“You shall not eat anything abhorrent.” (Deuteronomy 14:3)
Parashat Re’eh opens with a dramatic proclamation, “R’eih, see, I present before you today a blessing and a curse.” (Deut. 11:26) It closes with instructions to observe Pesach, Shavuot, and Sukkot, the three pilgrimage holidays, commanding the Israelites (among other things) to eat matzah for seven days, “…So that you may remember the day of your departure from the land of Egypt kol y’mei chayecha, all the days of your life. “(Deut. 16:3) Hidden within this guide to behavior is a prescription for a state of mind.
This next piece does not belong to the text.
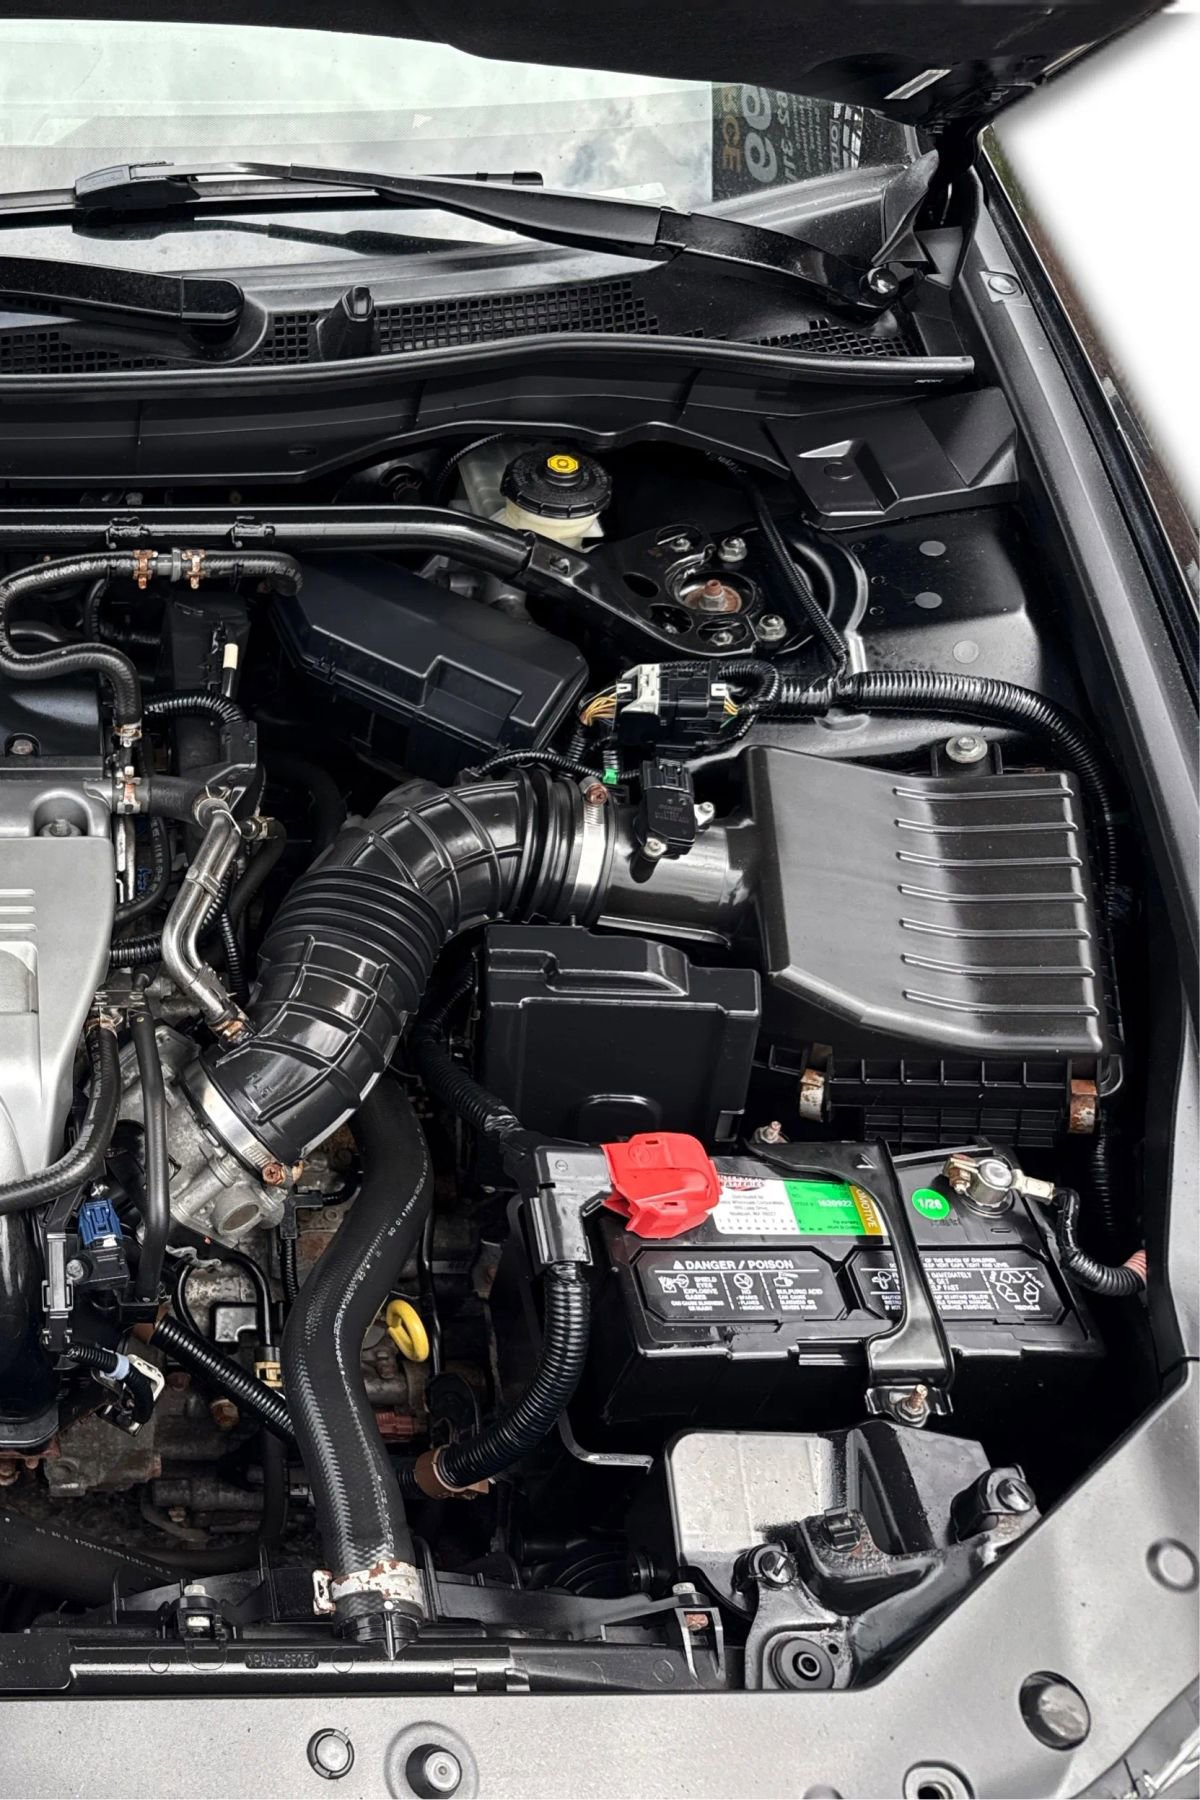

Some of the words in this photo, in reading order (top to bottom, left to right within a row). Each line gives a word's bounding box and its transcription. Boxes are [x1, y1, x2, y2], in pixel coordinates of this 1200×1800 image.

Rabbi Moshe Feinstein (1895-1986; leading halakhic, or Jewish legal, authority of his generation) compares the command to remember the Exodus to the command to remember what Amalek did to the Israelites in the desert (attack the weak; Deut. 25:17-18). He notices each command includes both a stringency and a leniency. The command to remember the Exodus is stringent, because it requires mentioning the Exodus twice daily (Babylonian Talmud B’rachot 12b), while the command to remember Amalek requires mentioning it only once a year (on the Shabbat before Purim). But the command to remember Amalek is also stringent, because it requires reading from a Sefer Torah, or Torah scroll, while the command to remember the Exodus can be fulfilled with any mention. Feinstein explains: remembering the Exodus strengthens faith in God’s power; any symbol can trigger that. Remembering Amalek teaches how low one can sink without the Torah; therefore, a Sefer Torah is necessary.
These acts of remembering also embody a philosophy of life: a world in which we remember our blessings twice each day, but remember our curses only once a year. Halevai; if only.